IFEC   20925
INSTITUTO DE FARMACOLOGIA EXPERIMENTAL DE CORDOBA
Unidad Ejecutora - UE
congresos y reuniones científicas
Título:
Inhibiting actin cycling in the nucleus accumbens prevents stress cross sensitization with cocaine and stress-induced elevation in GLUR1
Autor/es:
6.ESPARZA MA, GARCÍA KELLER C, VIRGOLINI M, CANCELA L
Lugar:
Mar del Plata
Reunión:
Congreso; Inhibiting actin cycling in the nucleus accumbens prevents stress cross sensitization with cocaine and stress-induced elevation in GLUR1; 2010
Institución organizadora:
SAFE. SAIC
Resumen:
Inhibiting
Actin Cycling in the Nucleus Accumbens Prevents Stress Cross-Sensitization with
Cocaine and Stress-induced Elevation in GluR1
Esparza, M.A.; Garcia Keller, C.; Virgolini, M.; Cancela L.M.
IFEC-CONICET,
Universidad Nacional de Córdoba, Argentina
Haya
de la Torre y
Medina Allende, Ciudad Universitaria, Córdoba.

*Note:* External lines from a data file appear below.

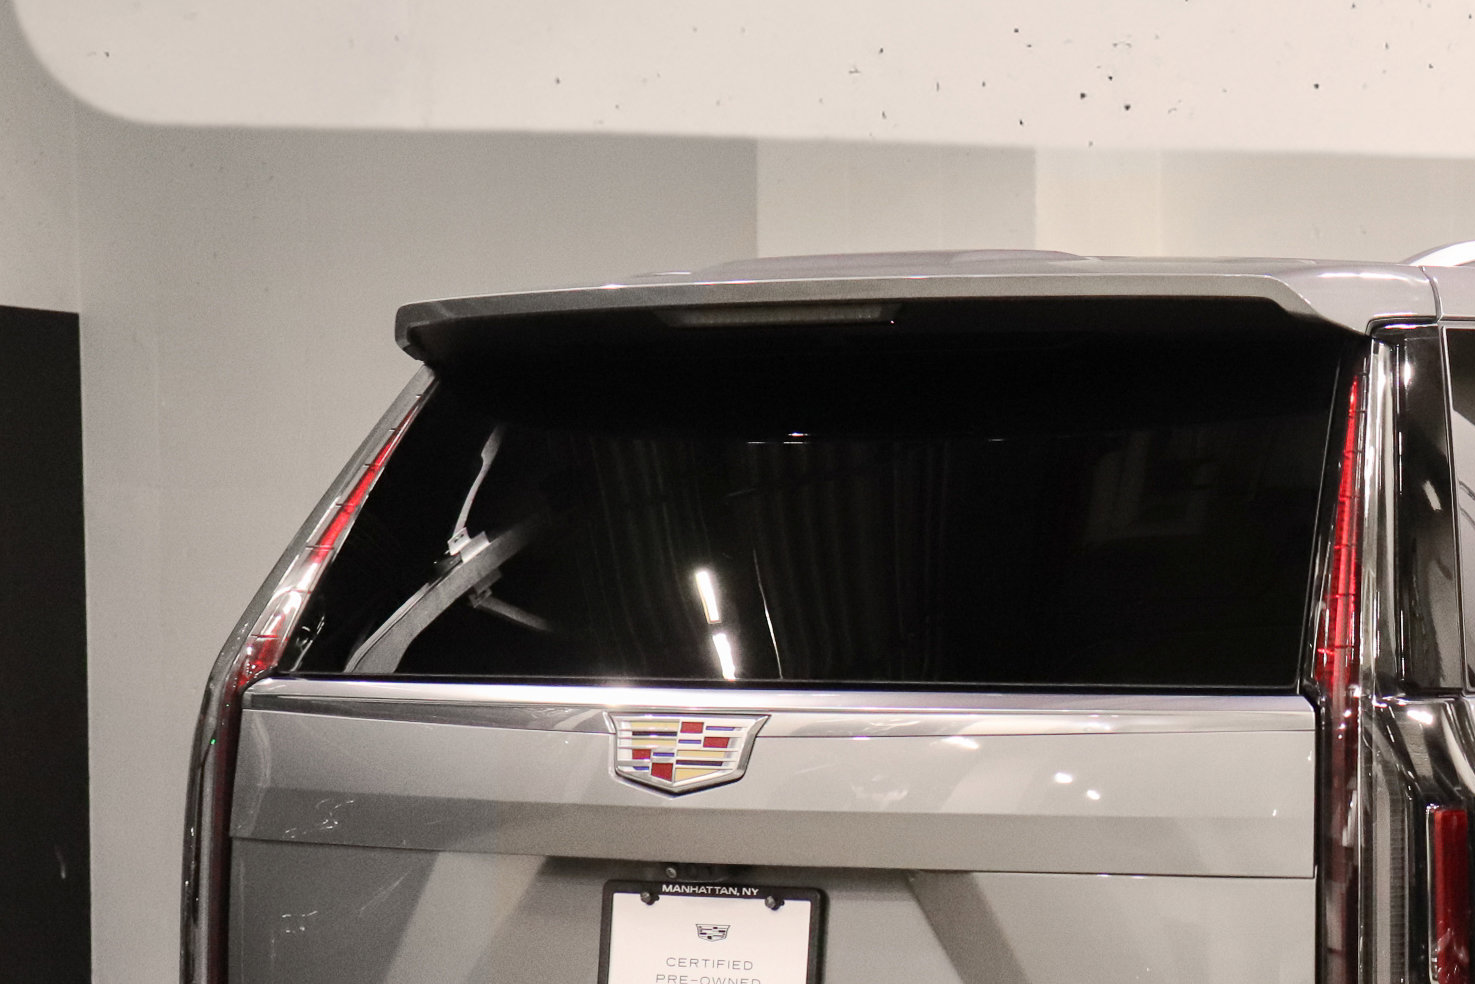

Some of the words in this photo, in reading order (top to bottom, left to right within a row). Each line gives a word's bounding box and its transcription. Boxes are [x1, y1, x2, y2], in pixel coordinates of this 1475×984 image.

[661, 884, 740, 896] MANHATTAN,
[742, 887, 760, 896] NY
[666, 957, 753, 971] CERTIFIED
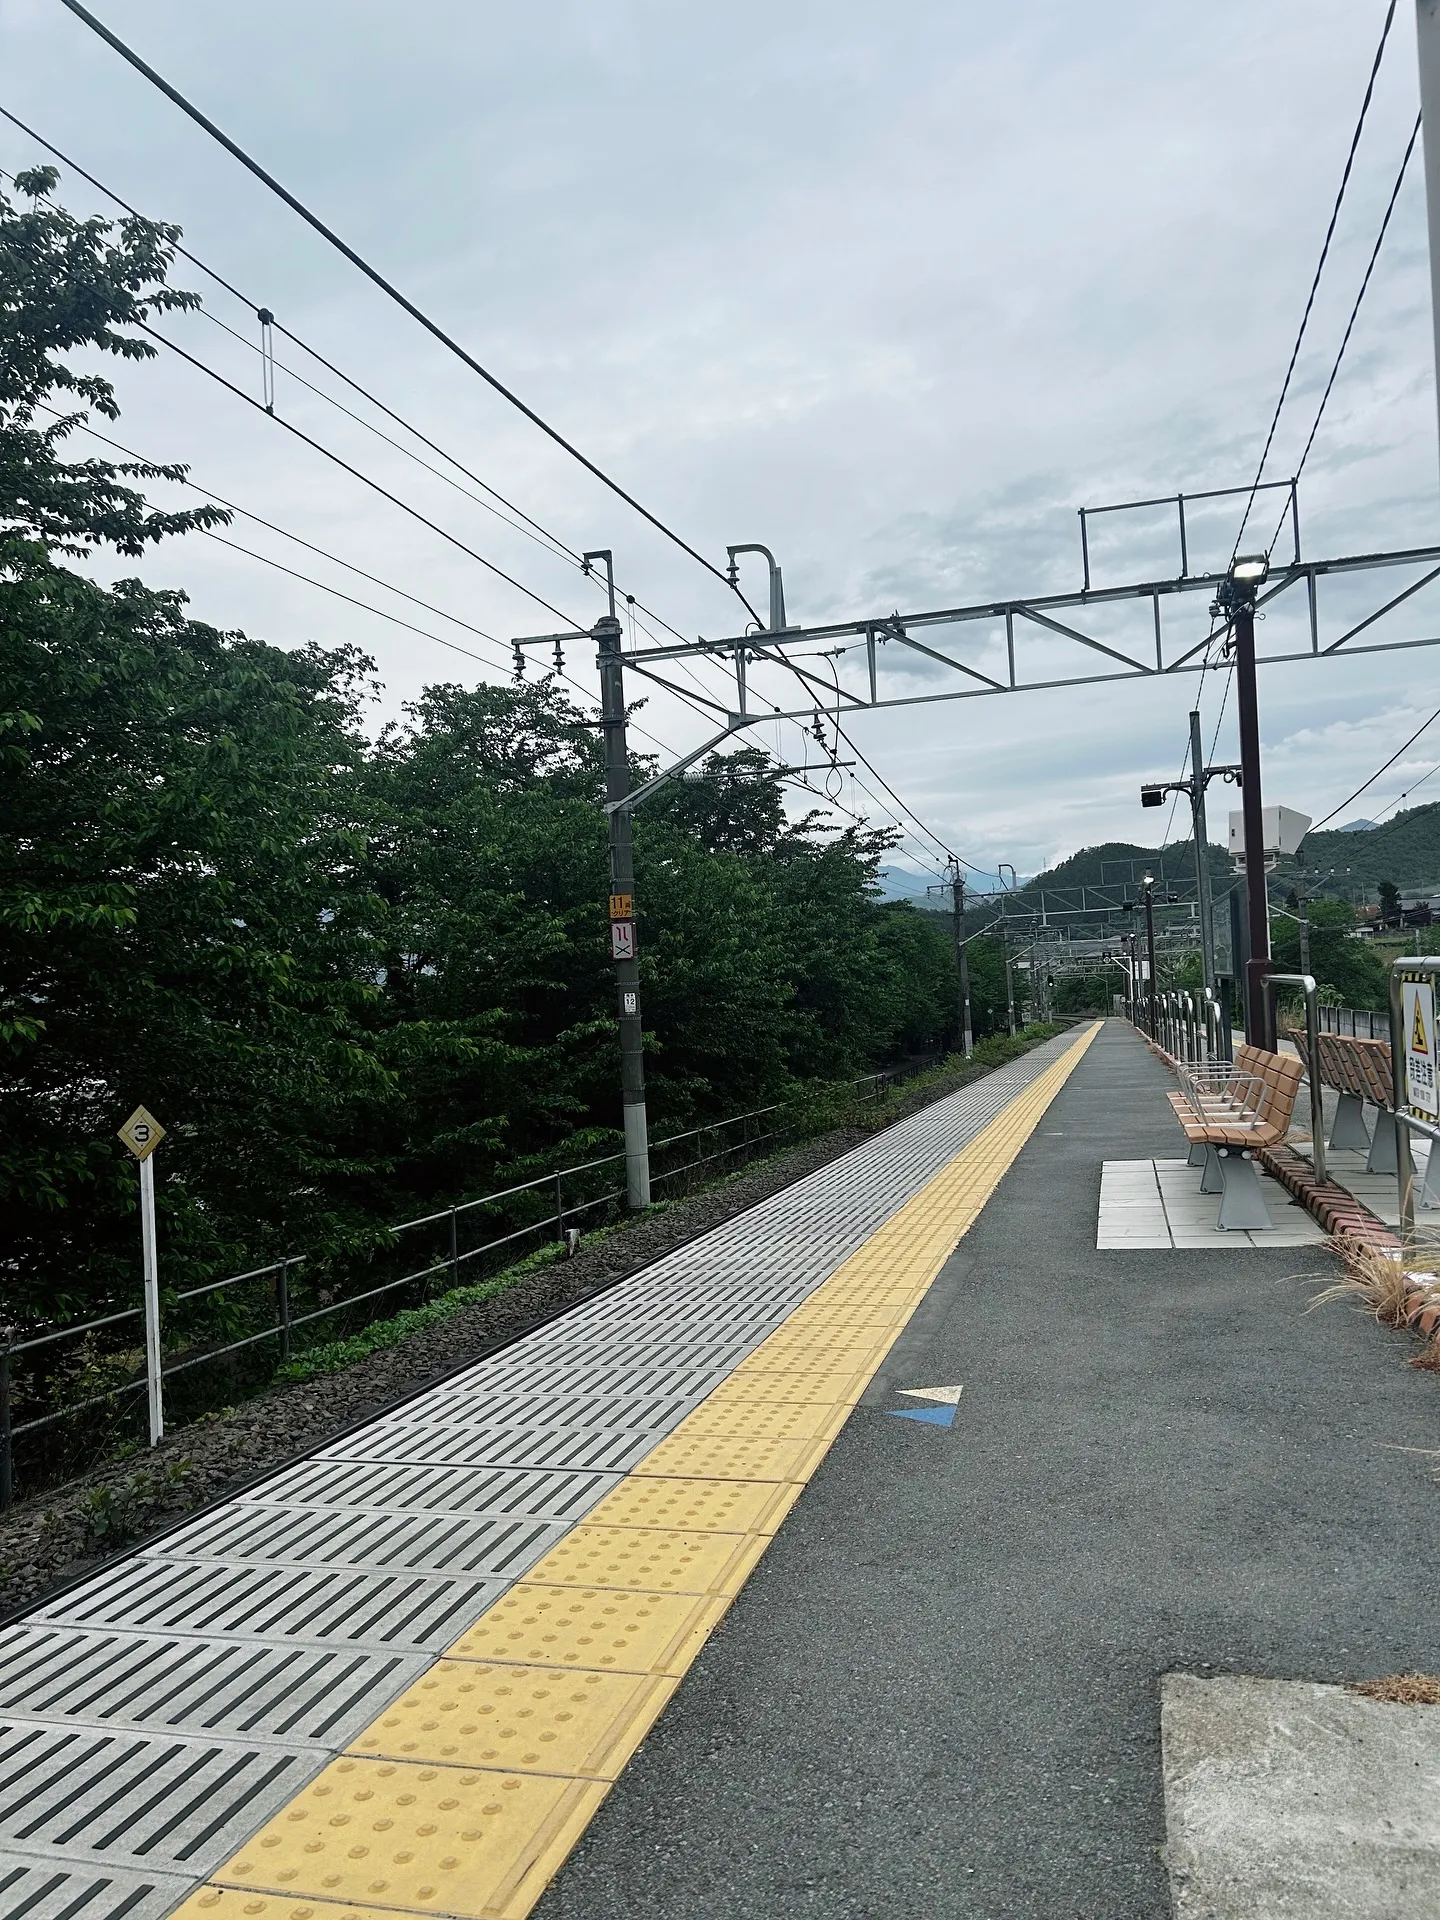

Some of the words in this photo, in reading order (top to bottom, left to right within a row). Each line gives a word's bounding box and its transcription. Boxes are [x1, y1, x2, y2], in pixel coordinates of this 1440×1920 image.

[1409, 1056, 1434, 1089] 段差注意
[134, 1125, 150, 1143] 3

CP:5000
Drug addiction is associated with long-term changes in
the synaptic function, including the actin cytoskeleton. There is evidence
about the proactive influence of stress on drug addiction. The present study investigated
whether the neurobiological mechanisms that modulate repeated cocaine
administration also occur in a stress-induced cocaine sensitization model. These
experiments evaluated whether repeated stress induces alterations in actin
rearrangement and AMPA receptors (AMPAR) expression in the Nucleus Accumbens
(NAc). Male Wistar rats were restrained daily for 2 hours for 7 days. Three
weeks after the last stress, animals were decapitated 45 min after saline or
cocaine (30 mg/kg i.p.), and the Nac dissected. After subcellular fractionation,
the immunoreactivity of the actin and actin binding proteins (ABPs) were
determined by Western blot. For motor activity, animals
receive latrunculin A or DMSO microinjections, which were followed by cocaine
(15 mg/kg, i.p.) or saline, and behavior recorded for 120 min. For AMPAR expression, three weeks after chronic stress, rats were
injected i.p. with saline, or cocaine 30 mg/kg and sacrificed 45 min later. In
another experiment, the animals were injected with Latrunculin A or vehicle
intra-NAc 5 min before cocaine 30 mg/kg i.p., and sacrificed 45 min later to
determine the expression of AMPAR. Our experiments revealed that stress induced
changes in protein levels involved in synaptic plasticity, such as actin and
ABPs that regulate actin cytoskeleton in NAc. The stress-induced sensitization
to cocaine was prevented by intra-NAc lantrunculin A (0.5 µg/µl). Interestingly,
latrunculin A in the NAc also reversed the stress-induced increase in GluR1,
indicating a potential role for actin cycling in the increased AMPAR accompanying
cocaine cross-sensitization. This is the first evidence that
the remodeling of the actin cytoskeleton contributes to the cross-sensitization
between stress and cocaine.
Grants: FONCyT, SECyT, CONICET